Security Document or Token [19] As used herein the term security document includes all types of documents and tokens of value and identification documents including, but not limited to the following: items of currency such as banknotes and coins, credit cards, cheques, passports, identity cards, securities and share certificates, driver's licenses, deeds of title, travel documents such as airline and train tickets, entrance cards and tickets, birth, death and marriage certificates, and academic transcripts.

[20] The invention is particularly, but not exclusively, applicable to security documents such as banknotes or identification documents such as identity cards or passports formed from a substrate to which one or more layers of printing are applied. The diffraction gratings and optically variable devices described herein may also have application in other products, such as packaging.

Substrate [21] As used herein, the term substrate refers to the base material from which the security document or token is formed. The base material may be paper or other fibrous material such as cellulose; a plastic or polymeric material including but not limited to polypropylene (PP), polyethylene (PE), polycarbonate (PC), polyvinyl chloride (PVC), polyethylene terephthalate (PET); or a composite material of two or more materials, such as a laminate of paper and at least one plastic material, or of two or more polymeric materials.

[22] The use of plastic or polymeric materials in the manufacture of security documents pioneered in Australia has been very successful because polymeric banknotes are more durable than their paper counterparts and can also incorporate new security devices and features. One particularly successful security feature in polymeric banknotes produced for Australia and other countries has been a transparent area or “window”.

Transparent Windows and Half Windows [23] As used herein the term window refers to a transparent or translucent area in the security document compared to the substantially opaque region to which printing is applied. The window may be fully transparent so that it allows the transmission of light substantially unaffected, or it may be partly transparent or translucent partially allowing the transmission of light but without allowing objects to be seen clearly through the window area.

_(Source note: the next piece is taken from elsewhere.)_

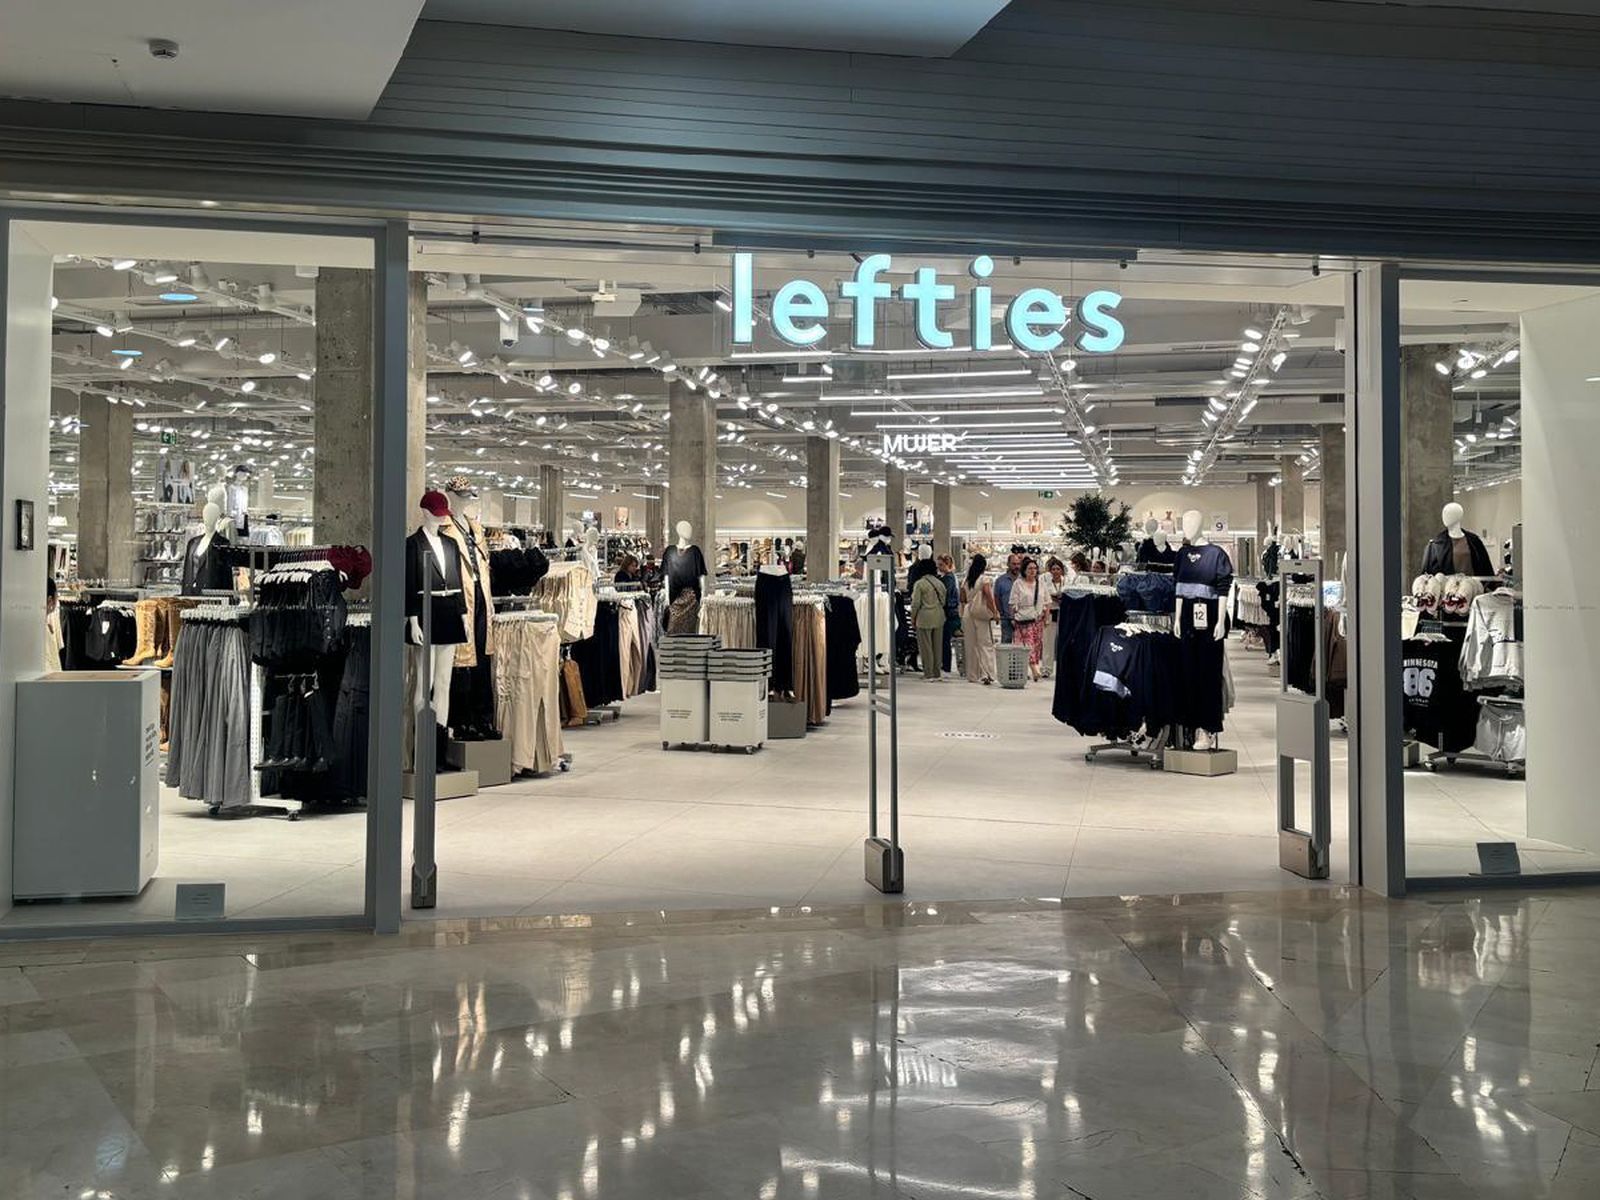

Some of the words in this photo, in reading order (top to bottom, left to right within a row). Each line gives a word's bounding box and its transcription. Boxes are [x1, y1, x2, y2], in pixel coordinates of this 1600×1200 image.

[24] A window area may be formed in a polymeric security document which has at least one layer of transparent polymeric material and one or more opacifying layers applied to at least one side of a transparent polymeric substrate, by omitting least one opacifying layer in the region forming the window area. If opacifying layers are applied to both sides of a transparent substrate a fully transparent window may be formed by omitting the opacifying layers on both sides of the transparent substrate in the window area.

[25] A partly transparent or translucent area, hereinafter referred to as a “halfwindow,” may be formed in a polymeric security document which has opacifying layers on both sides by omitting the opacifying layers on one side only of the security document in the window area so that the “half-window” is not fully transparent, but allows some light to pass through without allowing objects to be viewed clearly through the half-window.

[26] Alternatively, it is possible for the substrates to be formed from an substantially opaque material, such as paper or fibrous material, with an insert of transparent plastics material inserted into a cut-out, or recess in the paper or fibrous substrate to form a transparent window or a translucent half-window area.

Opacifying Layers [27] One or more opacifying layers may be applied to a transparent substrate to increase the opacity of the security document. An opacifying layer is such that LTcLO where LO is the amount of light incident on the document, and LT is the amount of light transmitted through the document. An opacifying layer may comprise any one or more of a variety of opacifying coatings. For example, the opacifying coatings may comprise a pigment, such as titanium dioxide, dispersed within a binder or carrier of heat-activated cross-linkable polymeric material. Alternatively, a substrate of transparent plastic material could be sandwiched between opacifying layers of paper or other partially or substantially opaque material to which indicia may be subsequently printed or otherwise applied.

Security Device or Feature [28] As used herein the term security device or feature includes any one of a large number of security devices, elements or features intended to protect the security document or token from counterfeiting, copying, alteration or tampering. Security devices or features may be provided in or on the substrate of the security document or in or on one or more layers applied to the base substrate, and may take a wide variety of forms, such as security threads embedded in layers of the security document; security inks such as fluorescent, luminescent and phosphorescent inks, metallic inks, iridescent inks, photochromic, thermochromic, hydrochromic or piezochromic inks; printed and embossed features, including relief structures; interference layers; liquid crystal devices; lenses and lenticular structures; optically variable devices (OVDs) such as diffractive devices including diffraction gratings, holograms and diffractive optical elements (DOEs).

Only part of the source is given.